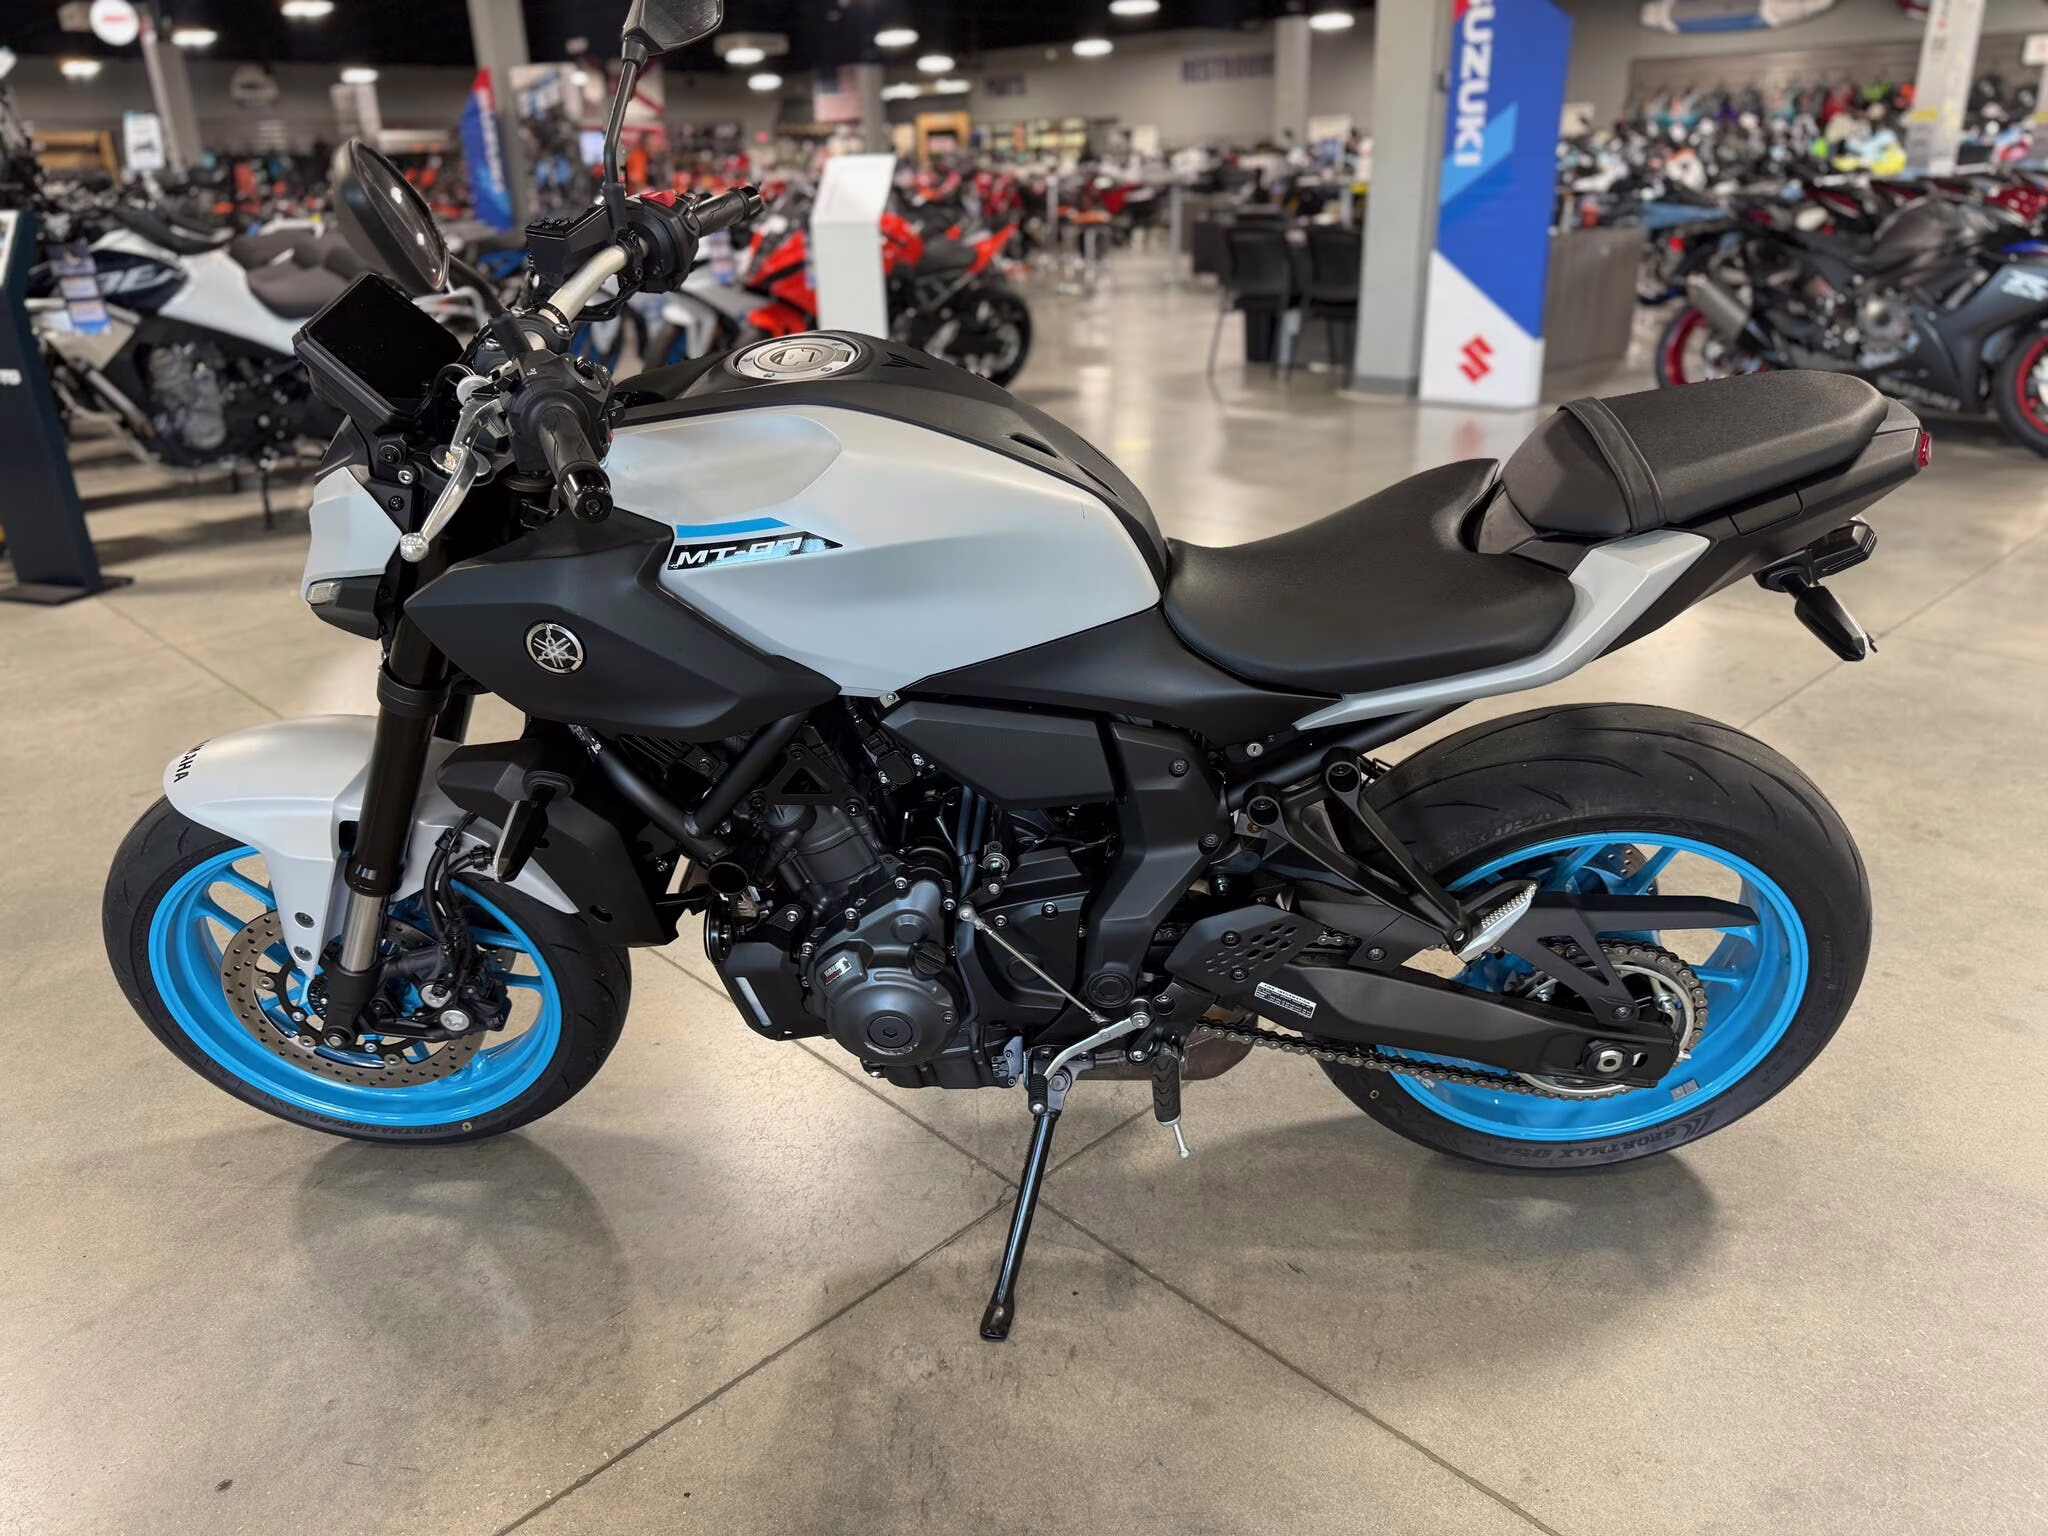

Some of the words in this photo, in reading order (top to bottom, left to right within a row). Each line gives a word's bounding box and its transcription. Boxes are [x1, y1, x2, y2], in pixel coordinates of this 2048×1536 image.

[1453, 0, 1496, 168] UZUKI
[676, 536, 803, 566] MT-07
[1559, 1125, 1678, 1159] SPORTMAX
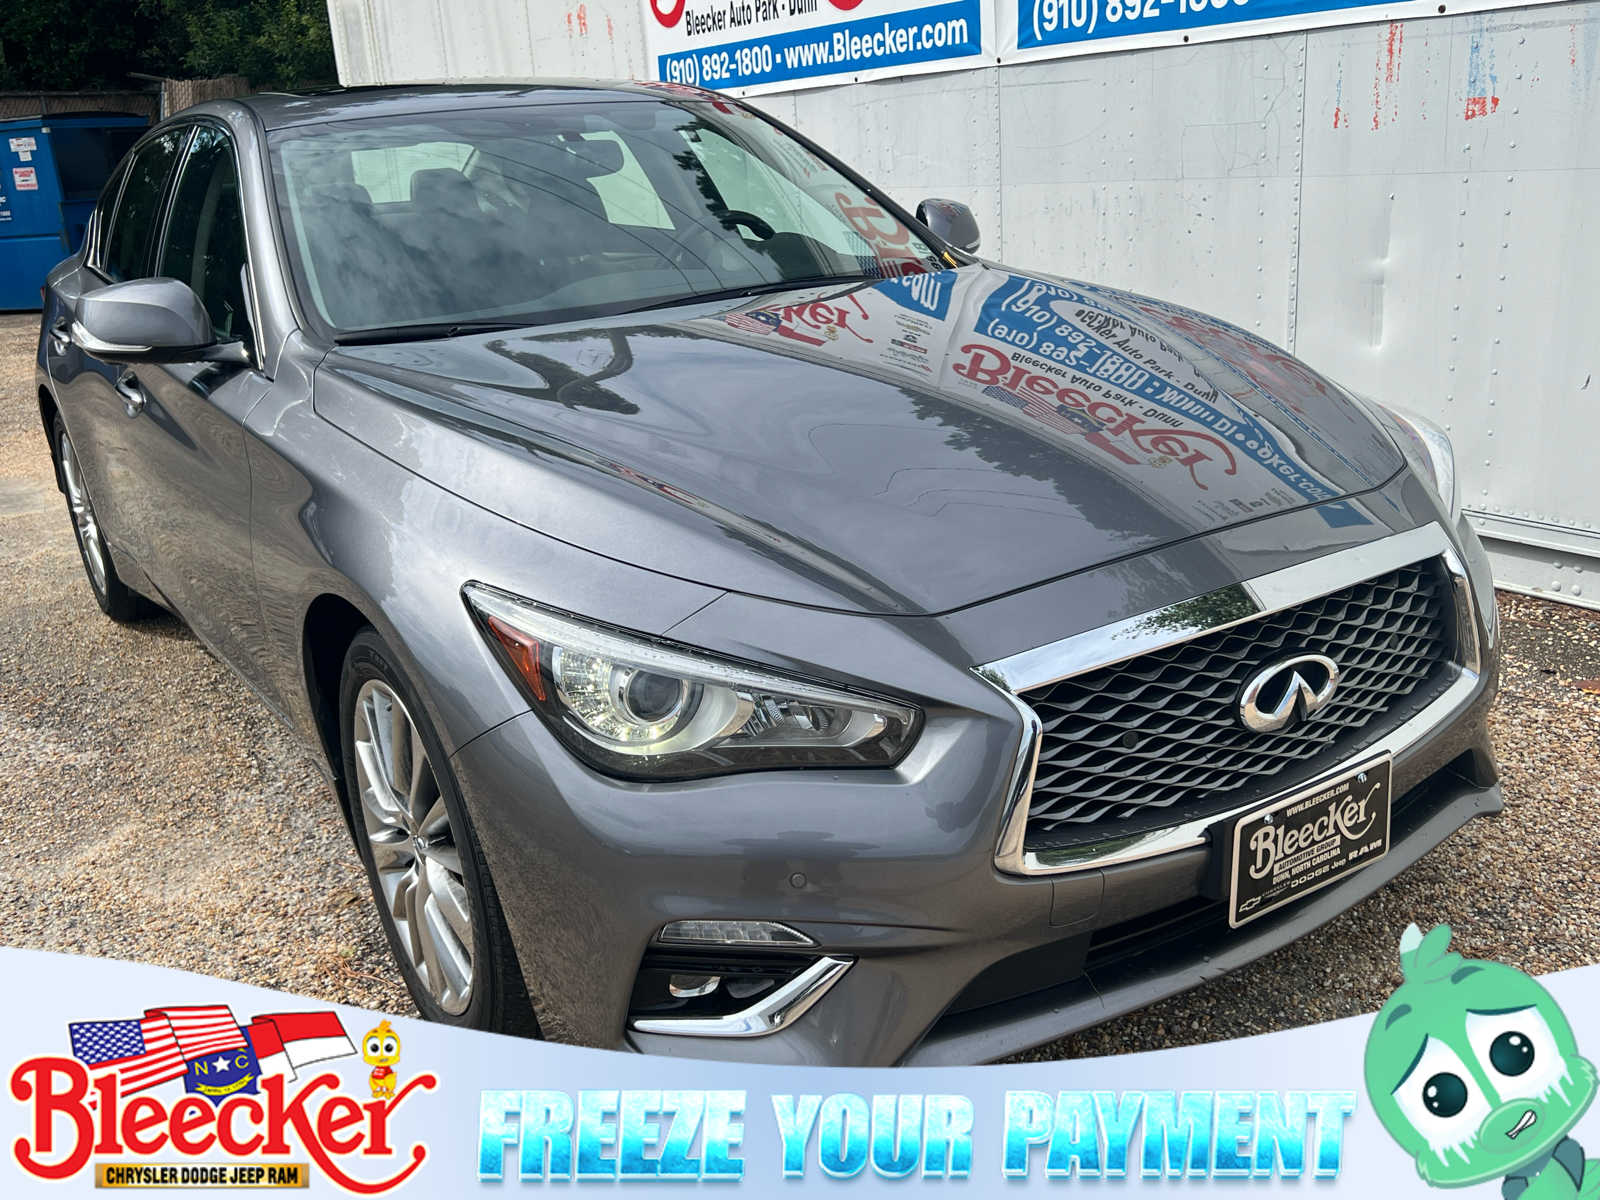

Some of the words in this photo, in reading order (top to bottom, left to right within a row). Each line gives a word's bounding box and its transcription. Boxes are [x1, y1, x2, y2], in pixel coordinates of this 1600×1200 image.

→ Exercise instructions:
Write out the listing word for word, omitting the pictures it holds.

→ Task solution:
Some of the words in this photo, in reading order (top to bottom, left to right within a row). Each line gives a word's bounding box and its transcription. Boxes are [x1, y1, x2, y2], in pixel coordinates of this 2048×1536 image.

[1453, 0, 1496, 168] UZUKI
[676, 536, 803, 566] MT-07
[1559, 1125, 1678, 1159] SPORTMAX

Some of the words in this photo, in reading order (top to bottom, left to right within a row). Each line gives a word's bounding box and its transcription. Boxes are [x1, y1, x2, y2], in pixel coordinates of this 1600×1200 image.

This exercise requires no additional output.